See how technology can improve your health care.

How many times have you heard it said that the internet has changed modern life? Indeed, it's likely changed how you stay in touch with family and friends and buy goods and services. And it's probably even changed how you search for information about health problems.

Several telehealth tools are offered to help you manage your health care and receive the services you need. During the coronavirus disease 2019 (COVID-19) pandemic, many people used telehealth. People often still use it. Find out more about telehealth.

What is telehealth?

Telehealth is the use of digital information and communication technologies to access health care services remotely and manage your health care. Technologies can include computers and mobile devices, such as tablets and smartphones. This may be technology you use from home. Or a nurse or other health care professional may provide telehealth from a medical office or mobile van, such as in rural areas. Telehealth can also be technology that your health care provider uses to improve or support health care services.
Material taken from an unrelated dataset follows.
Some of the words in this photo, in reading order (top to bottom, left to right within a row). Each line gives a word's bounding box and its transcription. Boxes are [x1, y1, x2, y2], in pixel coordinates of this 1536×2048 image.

The goals of telehealth, sometimes called e-health or m-health (mobile health), include the following:

• Make health care easier to get for people who live in communities that are remote or in the country.
• Keep you and others safe if you have an infectious disease such as COVID-19.
• Offer primary care for many conditions.
• Make services more easily offered or handy for people who have limited ability to move, time or transportation.
• Offer access to medical specialists.
• Improve communication and coordination of care among health care team members and a person getting care.
• Offer advice for self-management of health care.
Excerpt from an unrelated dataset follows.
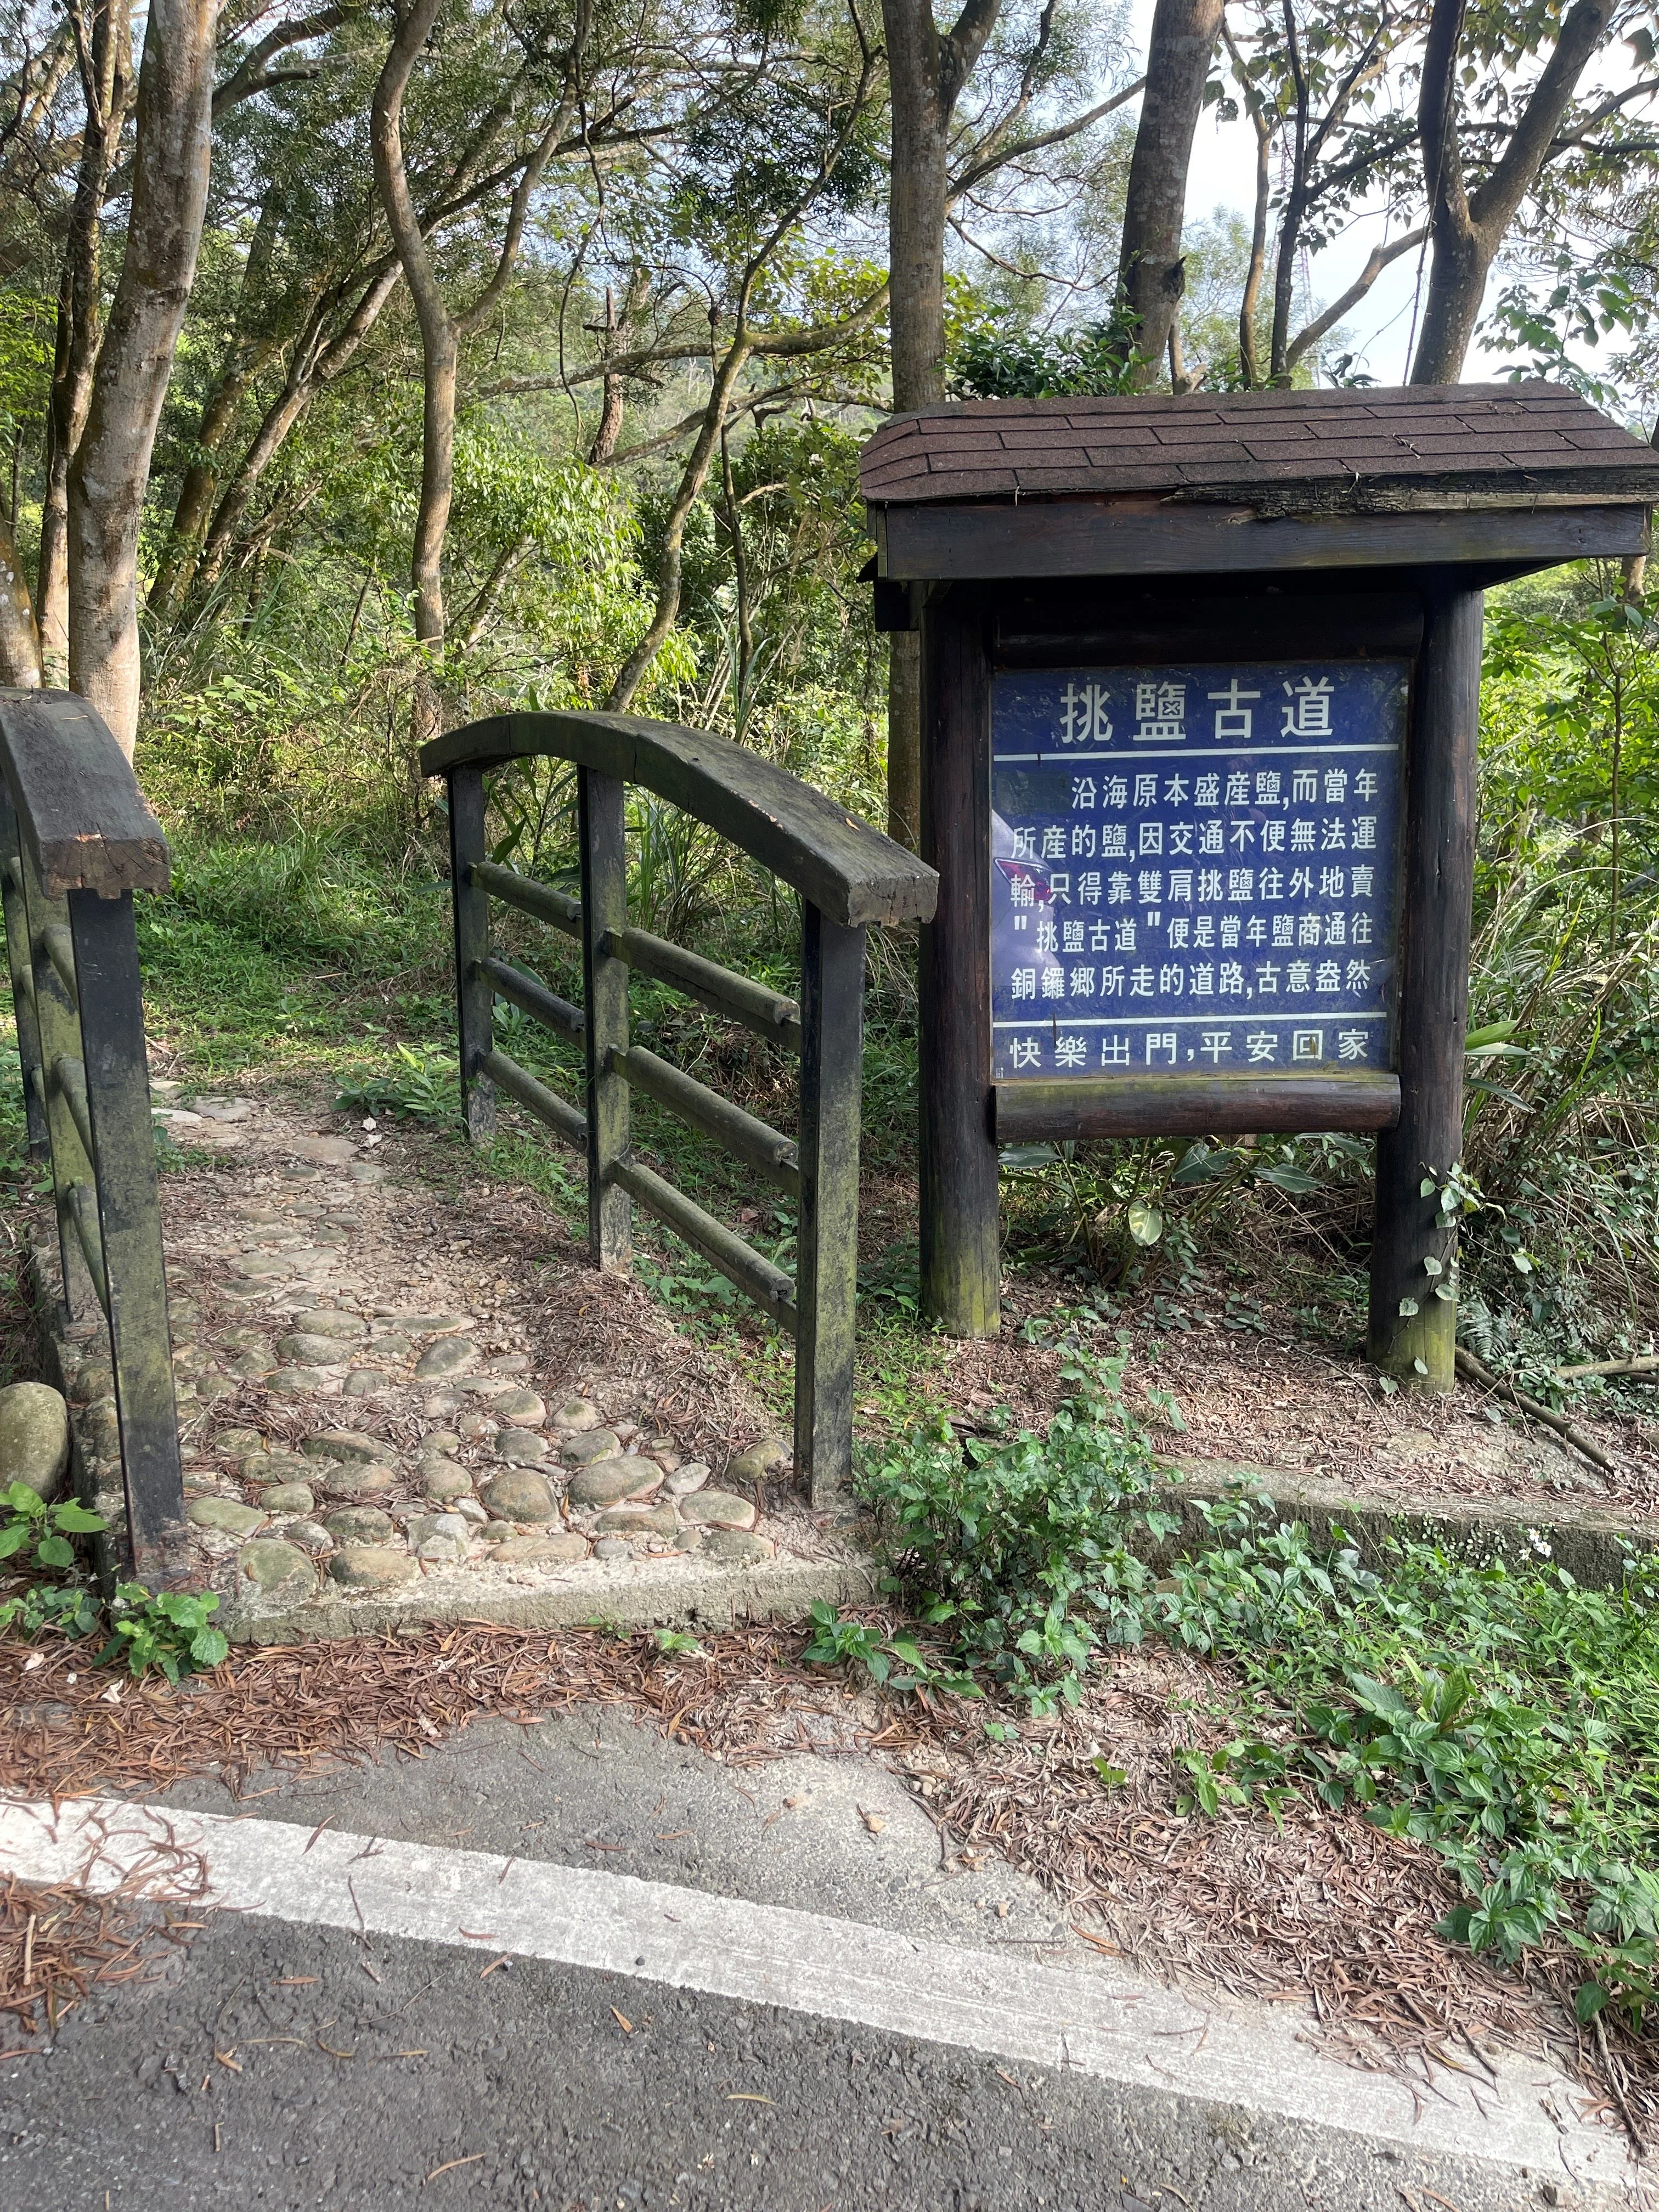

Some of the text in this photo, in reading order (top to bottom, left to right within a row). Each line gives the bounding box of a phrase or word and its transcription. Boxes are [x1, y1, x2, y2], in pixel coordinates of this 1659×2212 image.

[1060, 676, 1335, 744] 挑鹽古道
[1009, 1028, 1368, 1069] 快樂出門,平安回家
Many people found telehealth helpful during the COVID-19 pandemic and still use it. Telehealth is being used more often.

Here are many examples of telehealth services that may be helpful for your health care.

Virtual visits

Some clinics may use telemedicine to offer remote care. For example, clinics may offer virtual visits. These can allow you to see a health care provider, mental health counselor or a nurse via online video or phone chats.
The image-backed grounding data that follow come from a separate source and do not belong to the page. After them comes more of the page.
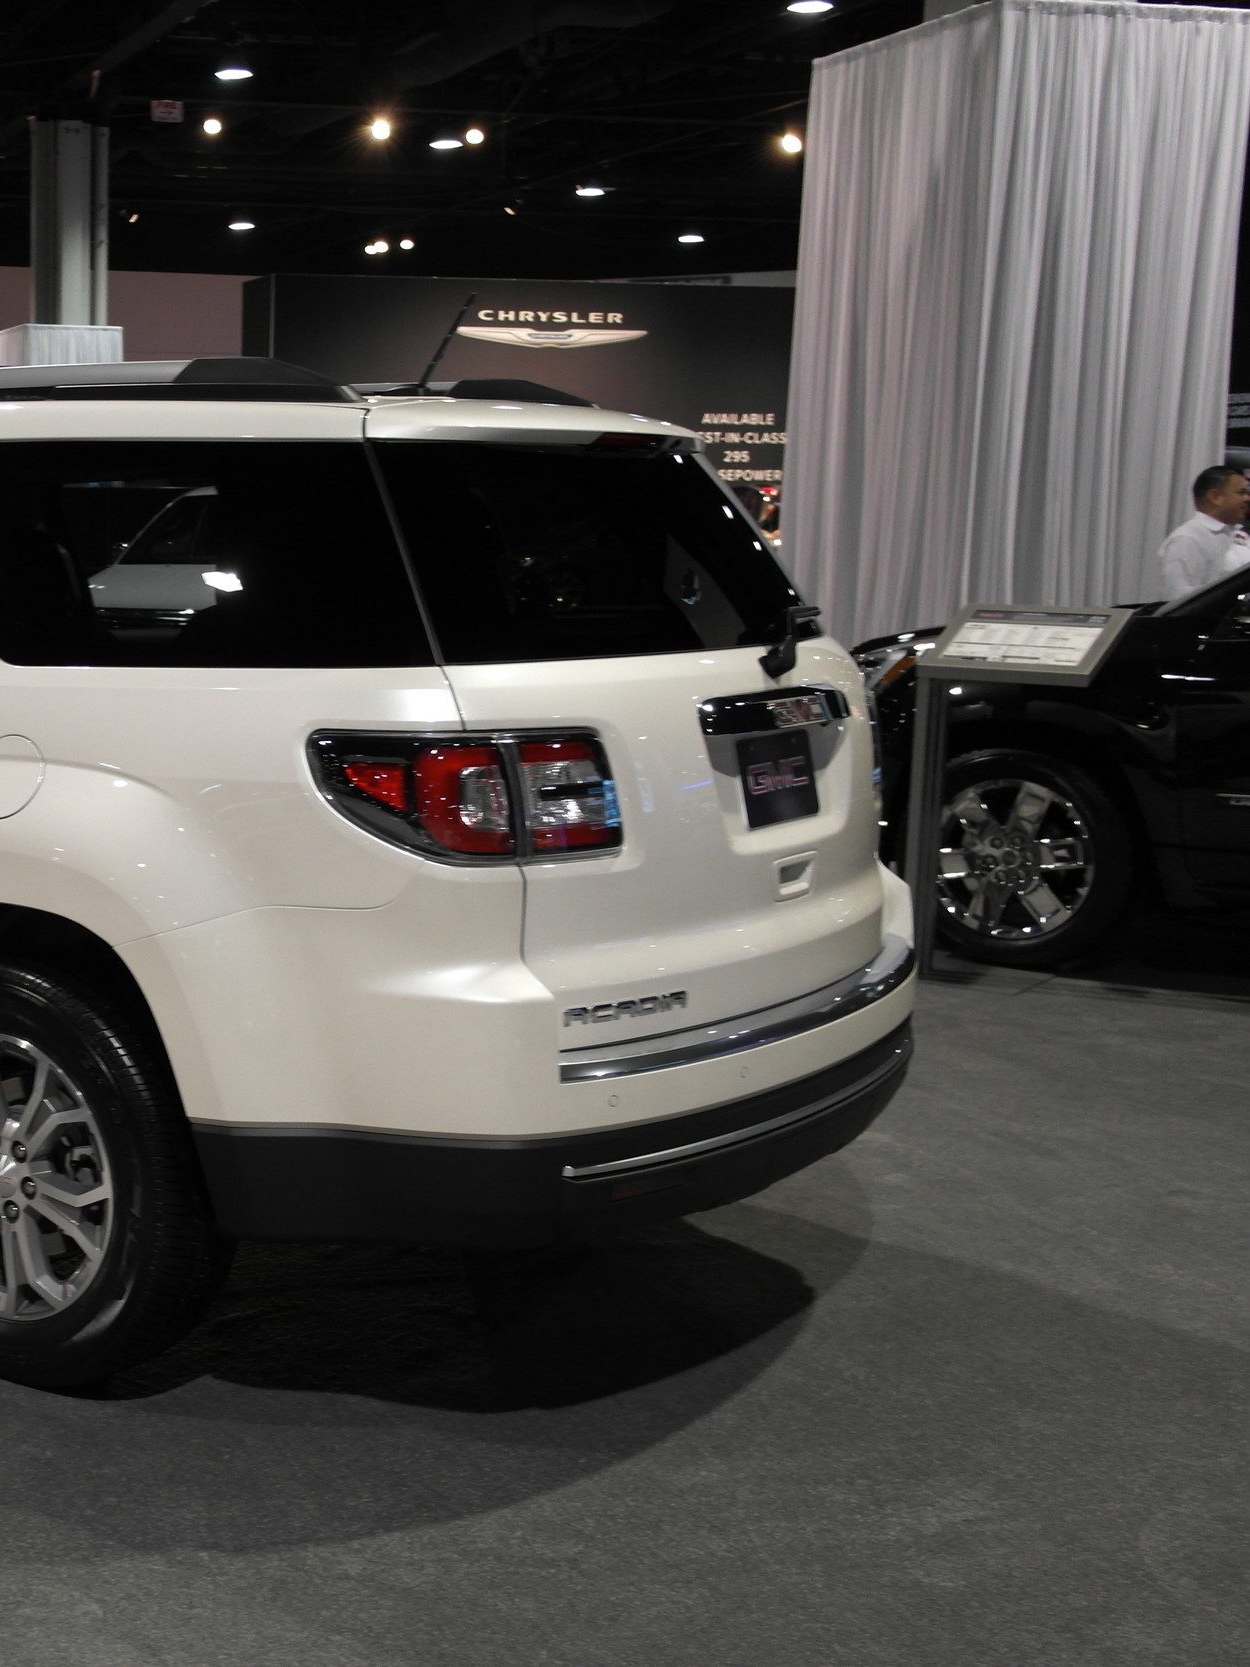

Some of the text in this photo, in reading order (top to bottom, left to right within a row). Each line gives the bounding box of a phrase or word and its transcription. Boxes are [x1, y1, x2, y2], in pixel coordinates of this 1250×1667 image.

[477, 309, 624, 324] CHRYSLER
[701, 413, 776, 426] AVAILABLE
[695, 431, 788, 444] ST-IN-CLASS
[722, 450, 751, 463] 295
[746, 756, 809, 795] GMC
[563, 990, 687, 1028] ACADIA
Virtual visits can offer care in many conditions such as migraines, skin conditions, diabetes, depression, anxiety, colds, coughs and COVID-19. These visits allow you to get care from a provider when you don't need or can't get an in-person visit.

Before your visit, your health care team may send you information or forms to fill out online and return to them. They may also make sure you have the technology you need. They'll check to see if you need to update or install any software or apps too. And they can tell you how to sign on and join the video chat for your visit. Also, the health care team can explain how to use the microphone, camera and text chat. If needed, ask a family member to help you set up the technology you need.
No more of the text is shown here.